**Problem details**: Copying rule for the data below: pictures stay out, and only the lines from the one with "Some of the text" down to the one with "this 1280×1707 image.", inclusive, are repeated exactly.
+++ Data for the task
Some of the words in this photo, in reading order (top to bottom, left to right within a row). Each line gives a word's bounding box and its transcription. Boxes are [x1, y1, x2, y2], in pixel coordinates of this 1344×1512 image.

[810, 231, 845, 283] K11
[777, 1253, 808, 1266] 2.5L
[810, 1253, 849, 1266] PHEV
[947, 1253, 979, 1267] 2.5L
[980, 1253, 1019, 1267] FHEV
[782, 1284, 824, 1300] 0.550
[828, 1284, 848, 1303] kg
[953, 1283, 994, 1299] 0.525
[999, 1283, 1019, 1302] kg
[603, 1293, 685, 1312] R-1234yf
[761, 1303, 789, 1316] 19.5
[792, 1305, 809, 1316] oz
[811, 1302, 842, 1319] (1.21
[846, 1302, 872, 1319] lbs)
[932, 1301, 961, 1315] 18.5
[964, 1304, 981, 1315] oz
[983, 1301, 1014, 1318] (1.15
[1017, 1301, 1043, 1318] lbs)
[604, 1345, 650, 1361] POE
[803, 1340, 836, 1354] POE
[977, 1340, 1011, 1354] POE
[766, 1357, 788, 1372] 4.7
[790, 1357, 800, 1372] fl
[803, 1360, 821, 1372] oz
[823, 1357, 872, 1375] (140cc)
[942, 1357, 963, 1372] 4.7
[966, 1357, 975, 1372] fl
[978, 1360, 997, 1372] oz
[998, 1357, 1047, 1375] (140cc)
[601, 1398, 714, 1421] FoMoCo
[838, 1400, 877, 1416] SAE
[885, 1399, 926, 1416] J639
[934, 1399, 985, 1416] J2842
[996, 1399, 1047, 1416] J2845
++++++
+++ Data for the task
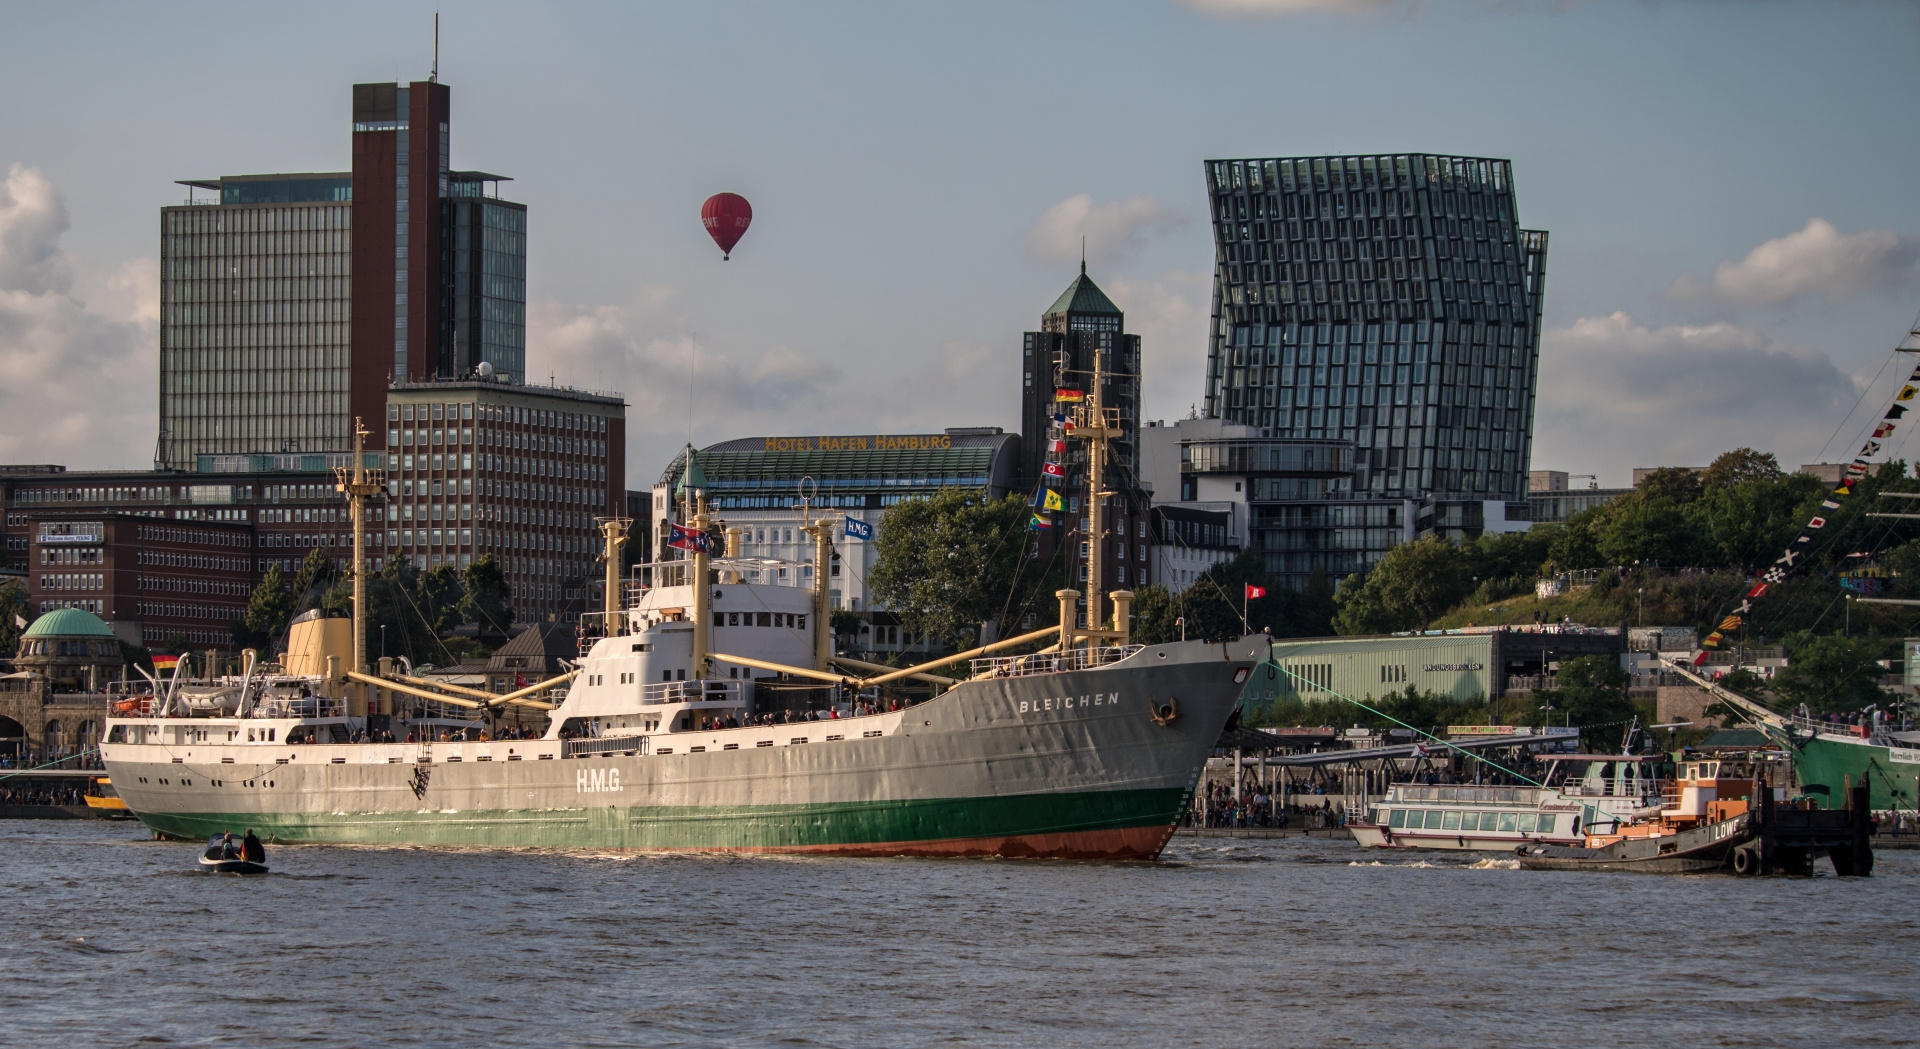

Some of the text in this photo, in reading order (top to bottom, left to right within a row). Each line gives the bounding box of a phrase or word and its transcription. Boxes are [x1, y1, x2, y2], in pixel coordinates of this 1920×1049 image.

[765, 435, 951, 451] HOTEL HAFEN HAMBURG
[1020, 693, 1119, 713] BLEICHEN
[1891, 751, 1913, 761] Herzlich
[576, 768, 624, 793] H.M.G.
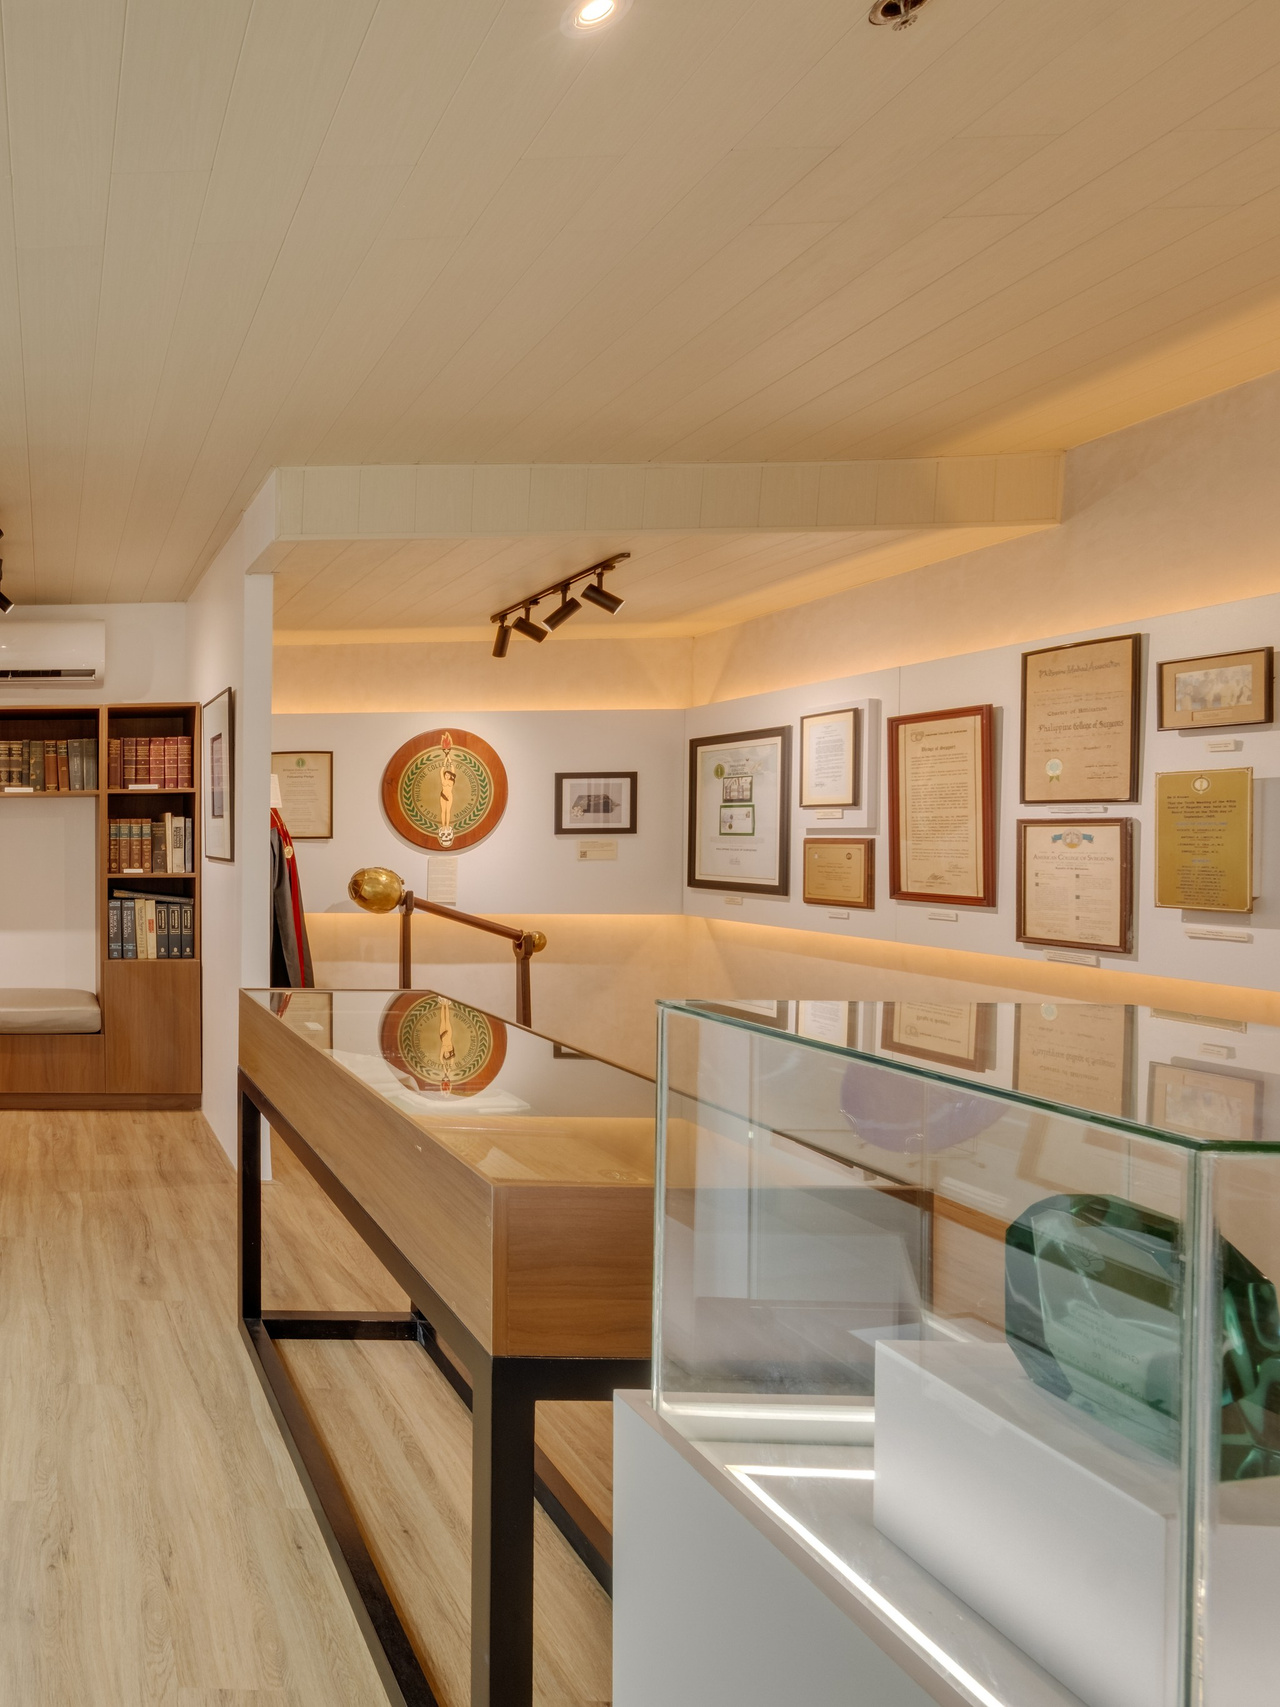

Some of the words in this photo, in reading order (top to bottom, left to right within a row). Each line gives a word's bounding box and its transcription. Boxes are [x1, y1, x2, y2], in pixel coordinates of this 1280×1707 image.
++++++
**Task result**:
Some of the text in this photo, in reading order (top to bottom, left to right within a row). Each line gives the bounding box of a phrase or word and its transcription. Boxes are [x1, y1, x2, y2], in pixel coordinates of this 1920×1049 image.

[765, 435, 951, 451] HOTEL HAFEN HAMBURG
[1020, 693, 1119, 713] BLEICHEN
[1891, 751, 1913, 761] Herzlich
[576, 768, 624, 793] H.M.G.

Some of the words in this photo, in reading order (top to bottom, left to right within a row). Each line gives a word's bounding box and its transcription. Boxes are [x1, y1, x2, y2], in pixel coordinates of this 1280×1707 image.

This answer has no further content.